Zoltan Balogh: The living proof


In July 1999 Zoltán Balogh suffered a major stroke while working at Miami University. The stroke and his subsequent treatment was described in the article The Living Proof by Susan Schindehette which appeared in the People Magazine, 6 March 2000, Volume 53, No 9, page 97. We present an extract below:-

In July [1999], while riding his bicycle, Balogh suffered a massive stroke in the right side of his brain that could have left him partially paralyzed and unable to speak clearly. What's more, the stroke might have affected Balogh's powers of spatial perception, essential for a scholar in topology, a branch of mathematics that deals with the study of abstract geometric figures. Instead, unlike the scenario for the roughly 40 percent of patients who do not survive such an episode, in Balogh's case doctors put a drug commonly used in the treatment of heart attacks to an innovative and still experimental use: They injected it directly into the huge clot in Balogh's brain. Within an hour the mathematician was out of the woods. "This is a young guy who was face-to-face with death or severe disability," says Dr Arthur Pancioli, 35, of the University Hospital in Cincinnati, where Balogh was treated. "Because he had access to the hottest technology going and received it really quickly, he walked away fully recovered."

That result seemed remote on the summer morning when Balogh set out on his road bike from the Oxford, Ohio, home he shares with Agnes, 38, and their sons Adam, 12, and Daniel, 10. Around noon, exhausted and seized with a sudden feeling of pressure in his head, he collapsed on the road. Local mechanic Bob Miller and his then-14-year-old daughter Jennifer had just rounded a bend in their pickup when they spotted the semiconscious professor. They managed to get him to a nearby farmhouse and summon an ambulance. At 12:50 p.m., Balogh arrived at Oxford's McCullough-Hyde Memorial Hospital, where his family converged. "He was totally not my husband," says Agnes. "He kept repeating, 'I want to go on a nice bike ride.'

When a CAT scan revealed that Balogh had a clot in a cerebral artery, emergency physician William Ross realized he was suffering a severe stroke. Ross also knew that the anticlotting drug t-Pa (tissue plasminogen activator) might be effective - but it had to be administered within a three-hour window. At 1:40 p.m., after conferring with Daniel Woo, a neurologist with the Greater Cincinnati Stroke Team, doctors started Balogh on an intravenous dose of t-Pa, then had him helicoptered 45 miles to the University Hospital in Cincinnati. "I remember the liftoff and seeing all the clouds on a nice sunny day," says Balogh. "I wasn't completely aware of how bad the situation was."

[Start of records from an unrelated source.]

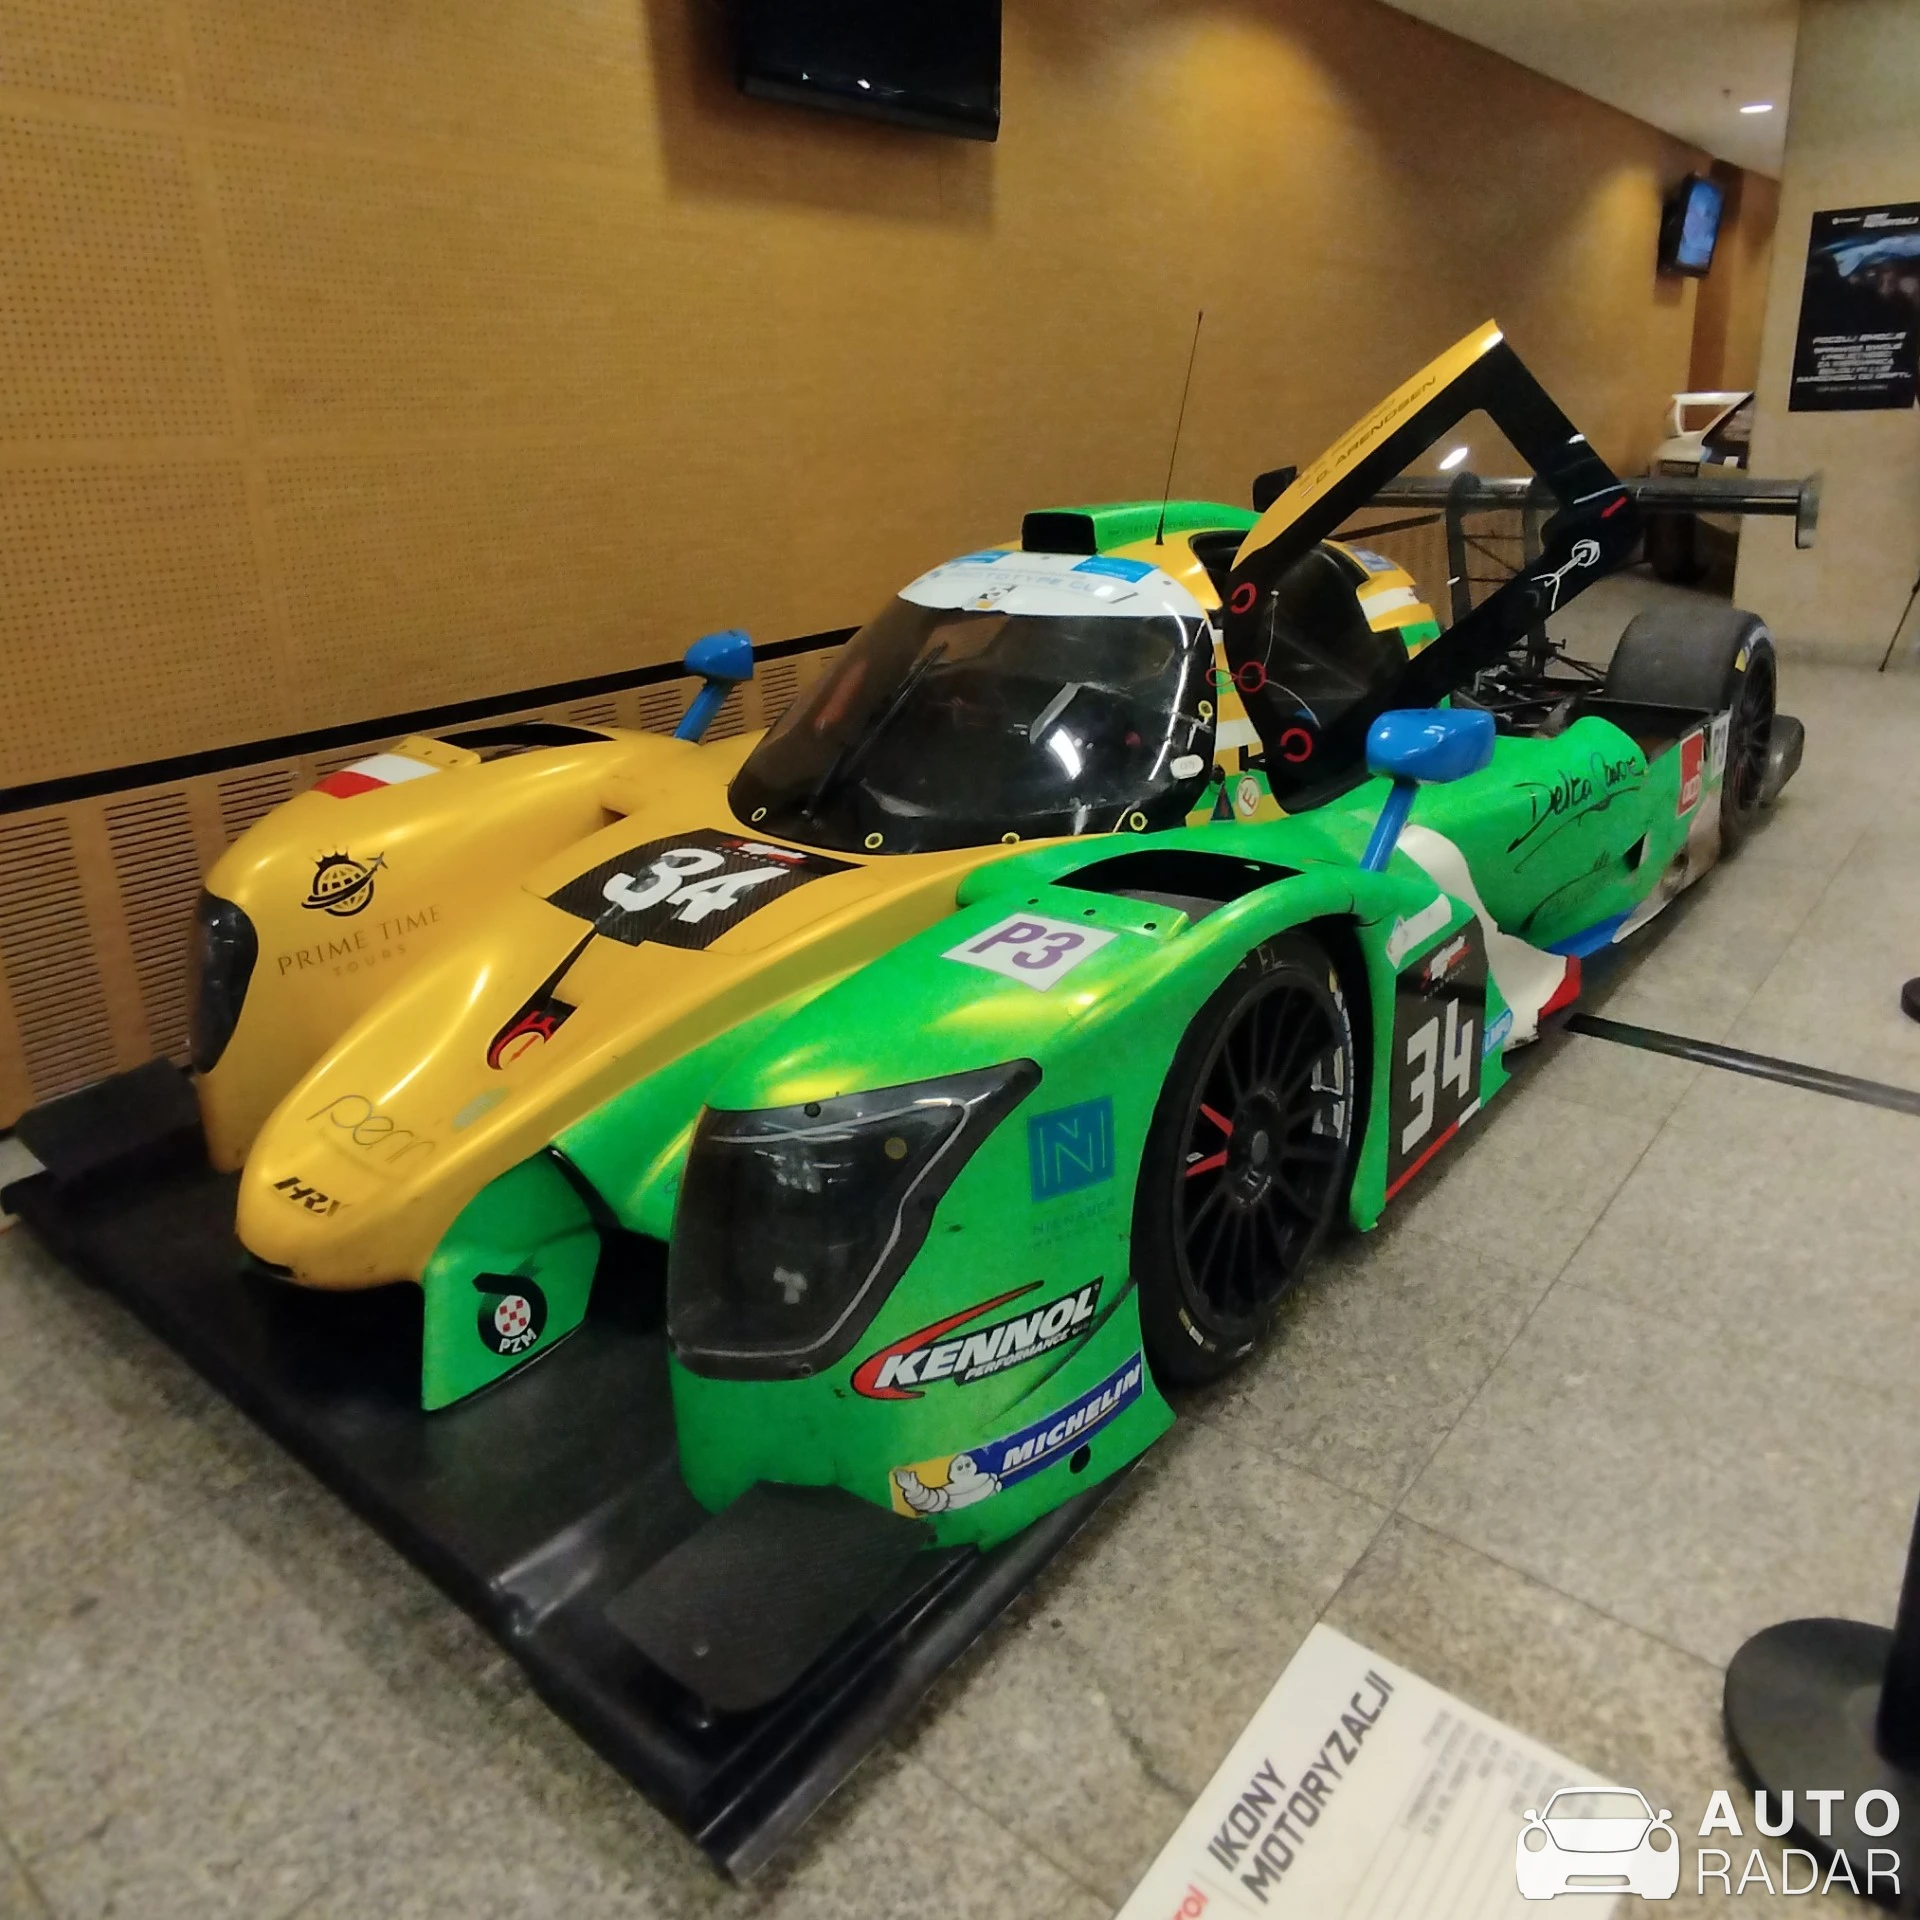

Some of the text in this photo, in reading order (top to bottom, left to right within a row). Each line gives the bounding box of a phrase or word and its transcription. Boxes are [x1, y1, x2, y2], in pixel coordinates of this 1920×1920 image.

[602, 848, 790, 923] 34
[276, 905, 442, 977] PRIME TIME
[332, 944, 407, 979] TOURS
[967, 921, 1085, 970] P3
[1401, 998, 1474, 1155] 34
[499, 1328, 537, 1354] PZM
[873, 1286, 1094, 1389] KENNOL
[1003, 1363, 1141, 1470] MICHELIN
[1207, 1757, 1287, 1872] IKONY
[1240, 1669, 1395, 1905] MOTORYZACJI

But Woo decidedly was. When he stood on Balogh's left side, "I asked him to move his left arm," says Woo, 31. "He couldn't, but he believed he could." That told Woo the stroke had damaged the right hemisphere of Balogh's brain, which controls left-side awareness. His diagnosis was confirmed when a cerebral angiogram revealed that a clot in one of the largest vessels supplying the right hemisphere had not been eliminated by the IV t-Pa. With time running out, Woo and neuroradiologist Dr Robert Ernst took an aggressive step: Feeding the drug through a catheter inserted in Balogh's femoral artery, they injected the t-Pa straight into the clot, a technique that had been tried on only 30 patients before - with mixed results.

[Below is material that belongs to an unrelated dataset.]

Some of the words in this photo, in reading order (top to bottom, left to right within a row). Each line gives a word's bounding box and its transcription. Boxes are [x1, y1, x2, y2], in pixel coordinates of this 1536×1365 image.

Within an hour, Balogh began to move and speak normally. A follow-up CAT scan revealed the remarkable outcome: Not only had the clot disappeared, says Woo, but "the main cognitive areas of the brain seemed to be completely unaffected." Balogh was discharged from the hospital four days later, and in October he accompanied son Adam on a 50-mile bike ride. Today he is one of the few patients to have benefited from this pioneering procedure. But once it is proved in clinical trials, says Woo, "we hope that we can reach many more."